Alison Grainger, the Hambleton Foodshare coordinator, arranges for the family to receive a package containing three meals for three days. The food bank is only open for emergencies on weekends, so supplies will need to stretch over at least five days.

It is, says Grainger, as if the charity is just “putting a band aid on a massive wound”.

“There’s nothing. There’s no safety net,” she said. “People just go through the little holes and everything seems difficult for people to navigate.”

In one of the richest parts of the region, in a constituency represented by the man campaigning to be prime minister – often described as the wealthiest member of parliament – growing numbers of people are struggling to cope with the rising cost of living.

Hambleton Foodshare issued 397 parcels in May – its busiest month and nearly double the number for May last year.
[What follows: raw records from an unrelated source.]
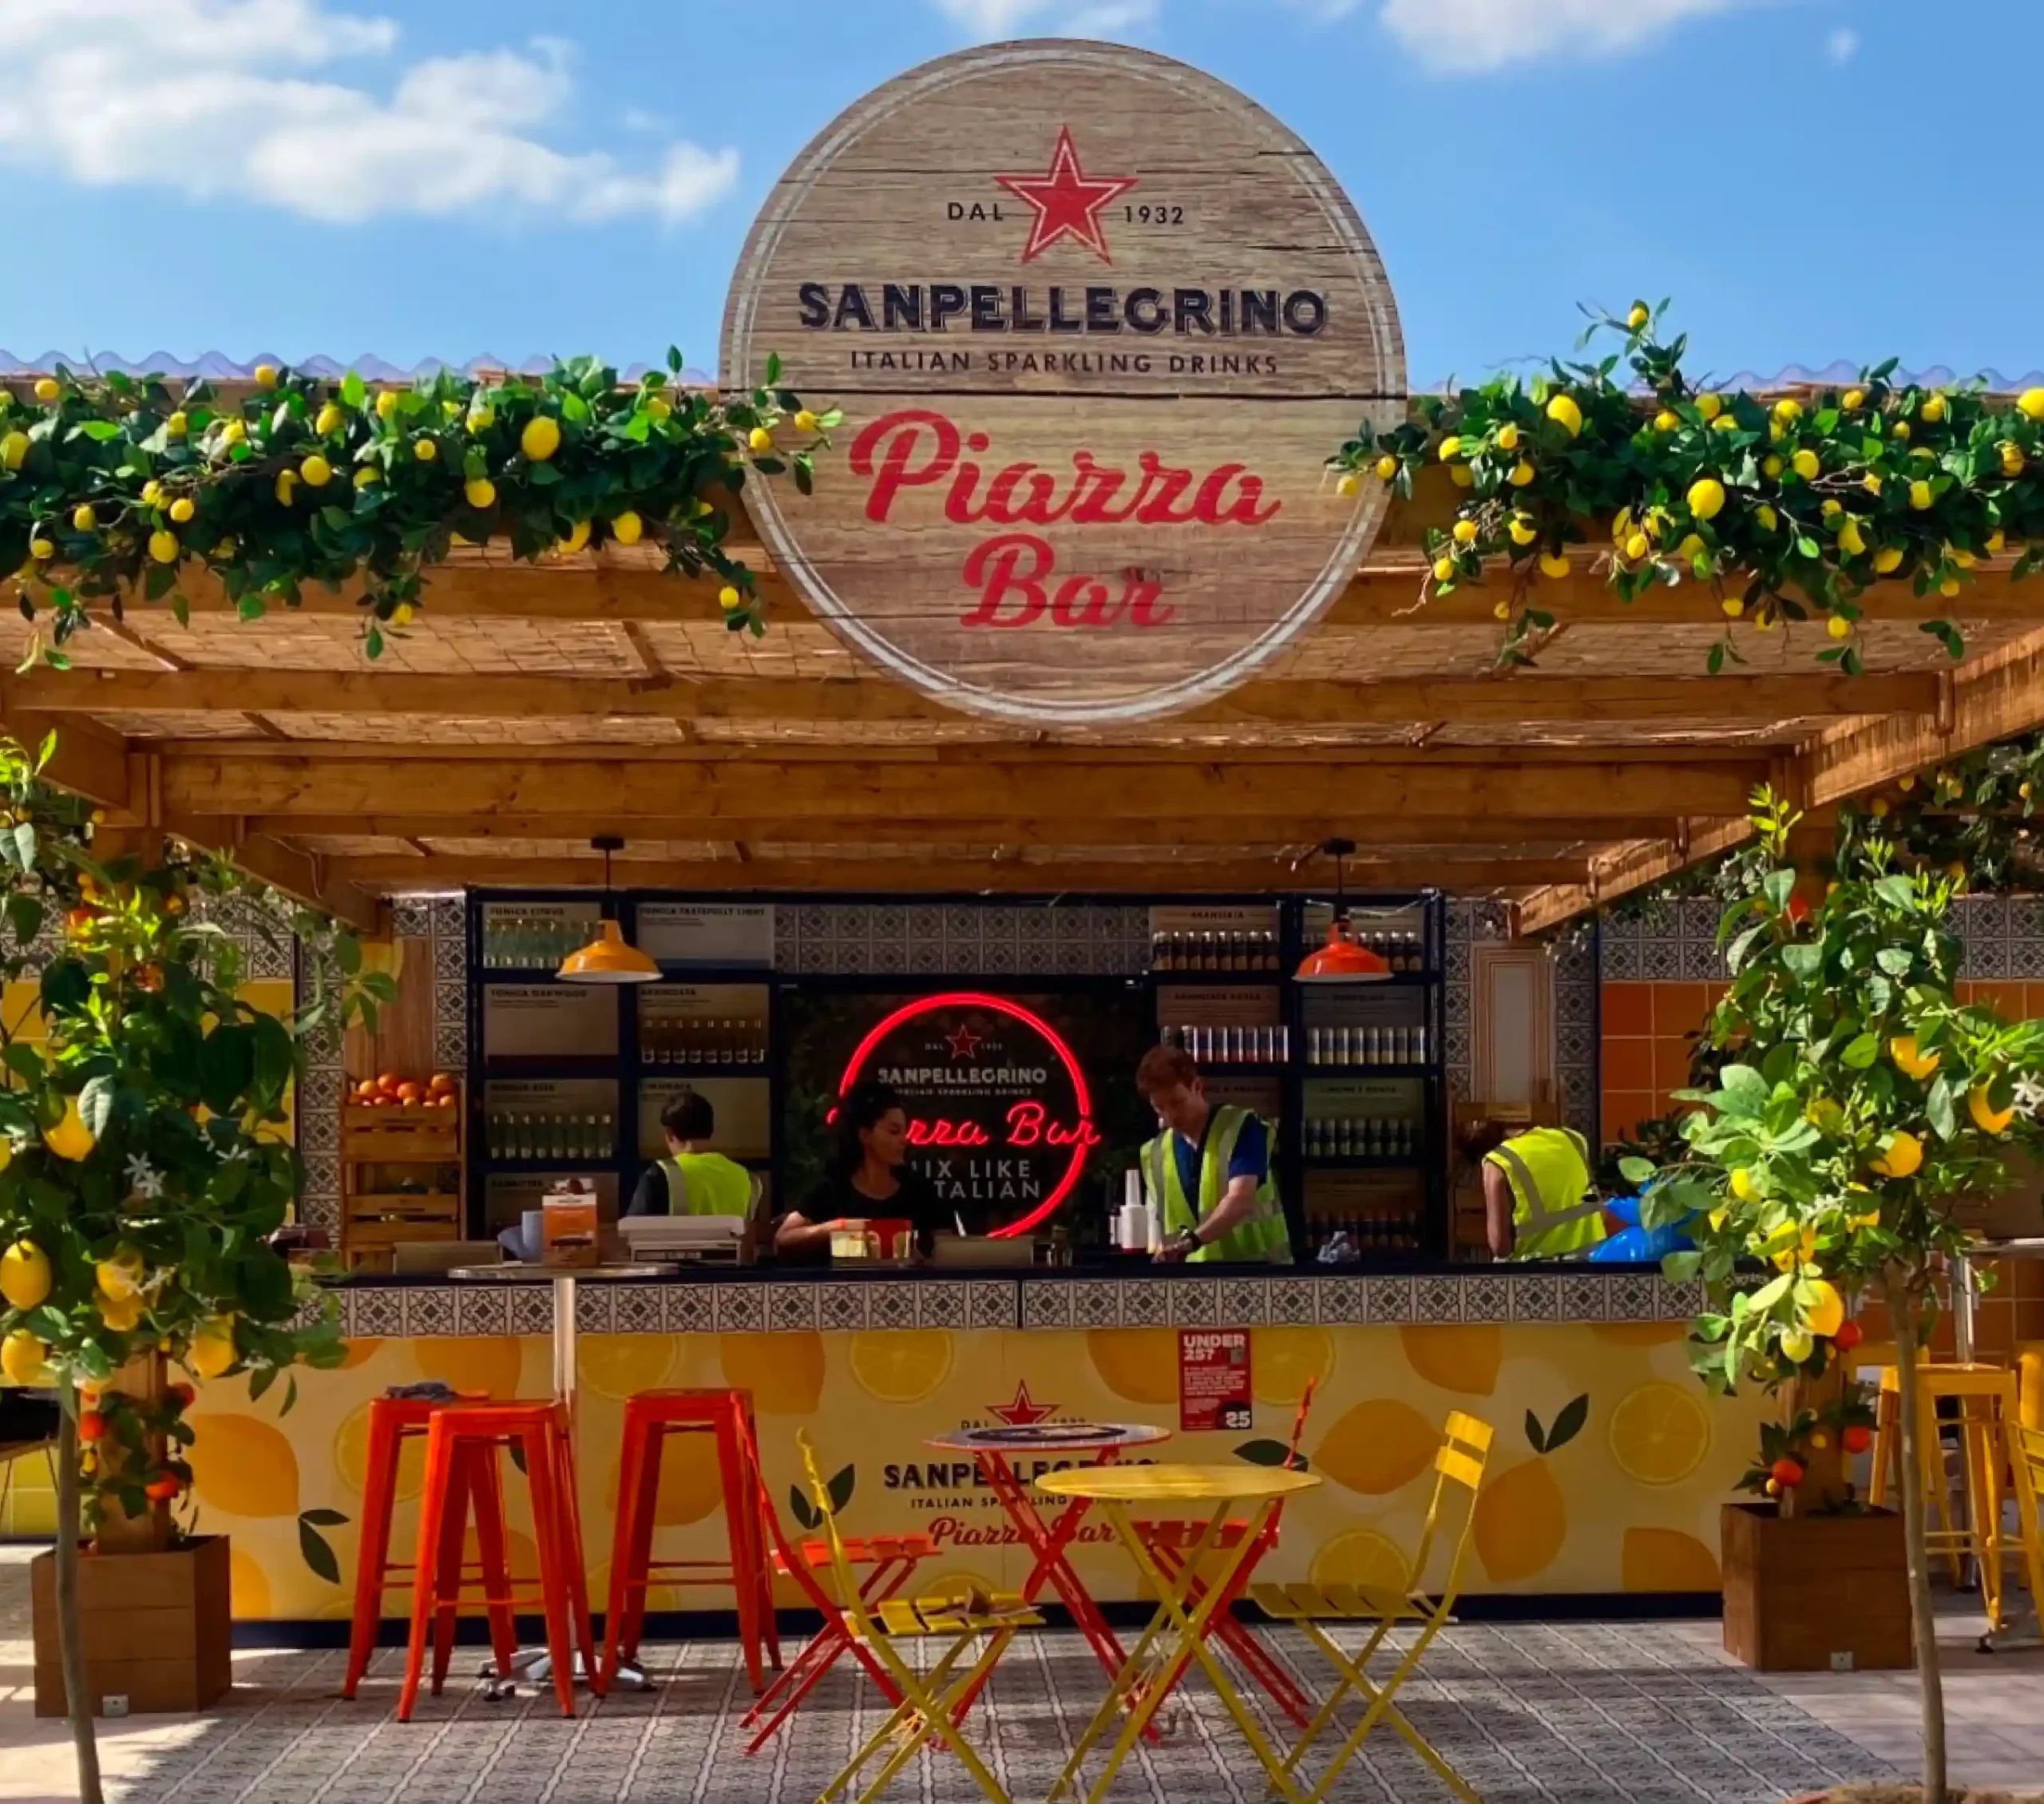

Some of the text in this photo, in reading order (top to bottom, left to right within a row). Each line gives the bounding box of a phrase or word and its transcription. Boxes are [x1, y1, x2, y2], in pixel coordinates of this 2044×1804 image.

[947, 202, 1183, 224] DAL 1932
[799, 282, 1329, 337] SANPELLEGRINO
[850, 351, 1278, 375] ITALIAN SPARKLING DRINKS
[850, 409, 1281, 525] Piazza
[960, 533, 1174, 628] Bar
[877, 1067, 1047, 1084] SANPELLEGRINO
[1006, 1101, 1102, 1145] Bar
[911, 1159, 1031, 1179] IX LIKE
[1182, 1333, 1245, 1348] UNDER
[1225, 1410, 1250, 1428] 25
[911, 1497, 973, 1509] ITALIAN
[928, 1517, 1031, 1547] Piazz
It distributed more emergency supplies in April, May and June this year – 1,055 – than it did in its first year of operation in 2012. More than half of the 1,970 food parcels distributed during the first six months of this year were aimed at children.
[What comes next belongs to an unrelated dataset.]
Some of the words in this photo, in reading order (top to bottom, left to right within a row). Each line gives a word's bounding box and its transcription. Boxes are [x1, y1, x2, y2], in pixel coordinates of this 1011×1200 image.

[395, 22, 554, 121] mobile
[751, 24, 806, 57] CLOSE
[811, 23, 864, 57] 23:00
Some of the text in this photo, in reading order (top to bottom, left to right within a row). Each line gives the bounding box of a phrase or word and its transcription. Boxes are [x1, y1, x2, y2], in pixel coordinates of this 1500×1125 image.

Sunak, who has represented the constituency of Richmond, North Yorkshire, since 2015, became the first frontline politician to make the Sunday Times rich list this year, with an estimated fortune of £730million along with his wife , Akshata Murty.

The couple bought a Grade II listed mansion for £1.5million from Kirby Sigston the year he was elected. Last year they obtained planning permission to build a large leisure area in the garden, complete with a 20 meter swimming pool, tennis court and gym.
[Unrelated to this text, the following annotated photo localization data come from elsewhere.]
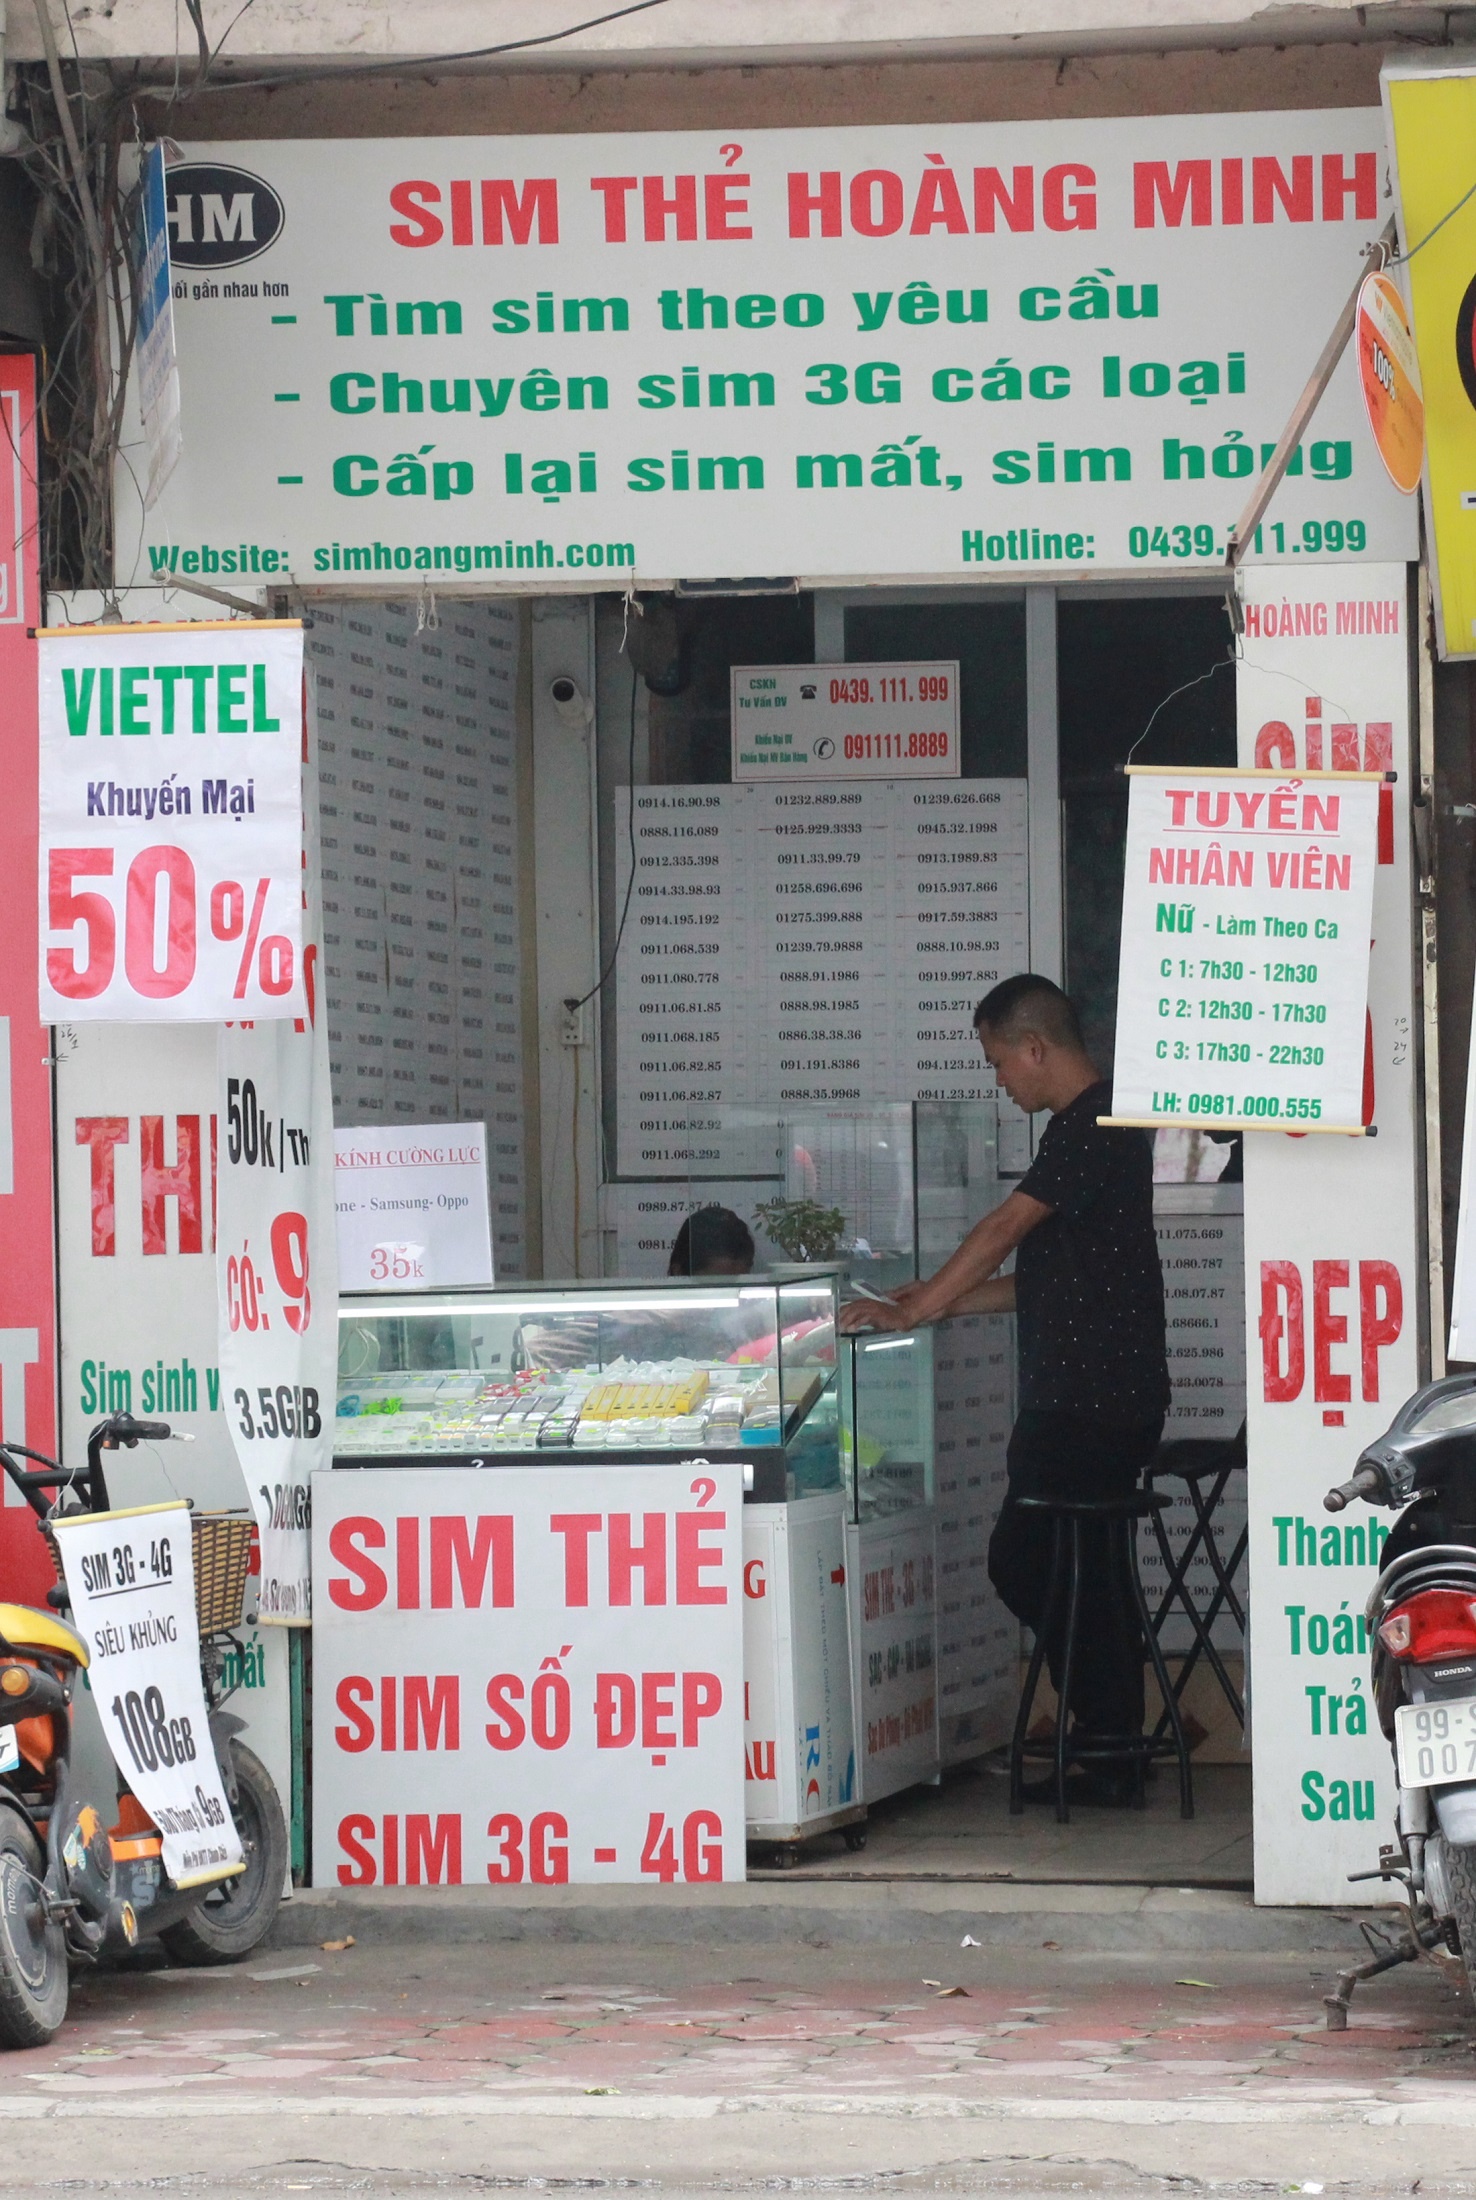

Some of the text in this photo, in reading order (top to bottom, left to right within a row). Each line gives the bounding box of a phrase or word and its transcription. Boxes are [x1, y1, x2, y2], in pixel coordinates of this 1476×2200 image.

[389, 143, 1377, 248] SIM THẺ HOÀNG MINH
[192, 278, 218, 300] gần
[223, 282, 258, 299] nhau
[263, 281, 289, 298] hơn
[324, 293, 462, 337] Tìm
[492, 291, 629, 334] sim
[658, 288, 824, 330] theo
[852, 280, 988, 331] yêu
[1018, 267, 1159, 321] cầu
[330, 367, 609, 418] Chuyên
[637, 366, 774, 410] sim
[804, 361, 901, 405] 3G
[931, 358, 1071, 402] các
[1103, 352, 1246, 405] loại
[332, 444, 474, 501] Cấp
[505, 451, 597, 503] lại
[627, 450, 764, 493] sim
[797, 435, 963, 491] mất,
[992, 442, 1131, 485] sim
[148, 539, 635, 574] Website: simhoangminh.com
[962, 529, 1095, 563] Hotline:
[1245, 597, 1400, 637] HOÀNG MINH
[61, 663, 280, 737] VIETTEL
[829, 676, 948, 704] 0439. 111. 999
[843, 732, 948, 760] 091111.8889
[87, 772, 255, 823] Khuyến Mại
[638, 796, 720, 808] 0914.16.90.98
[775, 794, 862, 806] 01232.889.889
[913, 792, 1001, 805] 01239.626.668
[1163, 778, 1341, 832] TUYỂN
[640, 826, 719, 838] 0888.116.089
[917, 822, 997, 834] 0945.32.1998
[640, 855, 719, 867] 0912.335.398
[777, 852, 860, 865] 0911.33.99.79
[917, 852, 998, 864] 0913.1989.83
[1149, 843, 1352, 892] NHÂN VIÊN
[638, 884, 720, 896] 0914.33.98.93
[776, 882, 862, 894] 01258.696.696
[917, 881, 998, 894] 0915.937.866
[46, 845, 294, 1000] 50%
[640, 914, 719, 926] 0914.195.192
[776, 911, 862, 924] 01275.399.888
[917, 911, 998, 923] 0917.59.3883
[1155, 902, 1339, 940] Nữ Làm Theo Ca
[640, 943, 719, 955] 0911.068.539
[776, 941, 863, 953] 01239.79.9888
[916, 941, 1000, 953] 0888.10.98.93
[640, 973, 719, 984] 0911.080.778
[780, 970, 860, 982] 0888.91.1986
[918, 970, 998, 982] 0919.997.883
[1160, 958, 1318, 984] C 1: 7h30 12h30
[639, 1002, 721, 1014] 0911.06.81.85
[780, 1000, 860, 1012] 0888.98.1985
[1158, 998, 1327, 1025] C 2: 12h30 17h30
[641, 1031, 720, 1043] 0911.068.185
[778, 1029, 862, 1041] 0886.38.38.36
[780, 1059, 860, 1071] 091.191.8386
[1155, 1040, 1324, 1067] C 3: 17h30 22h30
[639, 1060, 721, 1073] 0911.06.82.85
[639, 1090, 722, 1102] 0911.06.82.87
[780, 1088, 860, 1101] 0888.35.9968
[1151, 1091, 1322, 1120] LH: 0981.000.555
[334, 1145, 480, 1167] KÍNH CƯỜNG LỰC
[75, 1114, 217, 1257] TH
[437, 1193, 469, 1210] Oppo
[370, 1247, 424, 1280] 35k
[1258, 1259, 1403, 1428] ĐẸP
[80, 1357, 197, 1416] Sim sinh
[327, 1514, 515, 1612] SIM
[550, 1477, 728, 1607] THẺ
[1272, 1515, 1389, 1567] Thanh
[81, 1551, 112, 1593] SIM
[113, 1544, 135, 1587] 3G
[151, 1537, 173, 1578] 4G
[95, 1610, 177, 1658] SIÊU KHỦNG
[1433, 1666, 1473, 1678] HONDA
[334, 1675, 460, 1753] SIM
[485, 1644, 574, 1752] SỐ
[593, 1671, 723, 1766] ĐẸP
[1304, 1677, 1367, 1736] Trả
[112, 1685, 197, 1775] 108GB
[1300, 1770, 1376, 1822] Sau
[337, 1813, 462, 1887] SIM
[486, 1811, 570, 1887] 3G
[640, 1809, 723, 1884] 4G
The Sunaks’ property is surrounded by hundreds of acres of rolling fields and farmland in one of the most desirable places to live. House prices in Richmondshire rose 29% to average just over £250,000 last year, the biggest increase in Britain. Its unemployment rate is less than half the national average.

Beyond the well-heeled high street of Northallerton, however, many people at work are increasingly reliant on charity. “Before the pandemic, the reason people came often was because of [welfare] sanctions,” said Michael Webster, chairman of the Hambleton Foodshare directors. “It’s very small now. Now it’s just people who don’t have enough money.

Rishi Sunak’s constituency house in Kirby Sigston. Photograph: Richard Saker/The Observer

A growing number of people say they turn off their freezers or stoves to save electricity, Grainger said. More and more people are relying on food parcels to be delivered to them because they cannot afford bus fare or fuel to drive.

Sunak’s decision to withdraw £20 a week from Universal Credit payments last October was “so disappointing because maybe it gave people a bit of dignity to be able to afford the weird thing”, Grainger said.

But it goes beyond the former chancellor, to an ‘indifferent’ welfare system and a political class that ‘doesn’t understand the reality of what it really is. Even we don’t understand it, but we we can see the immediacy of it.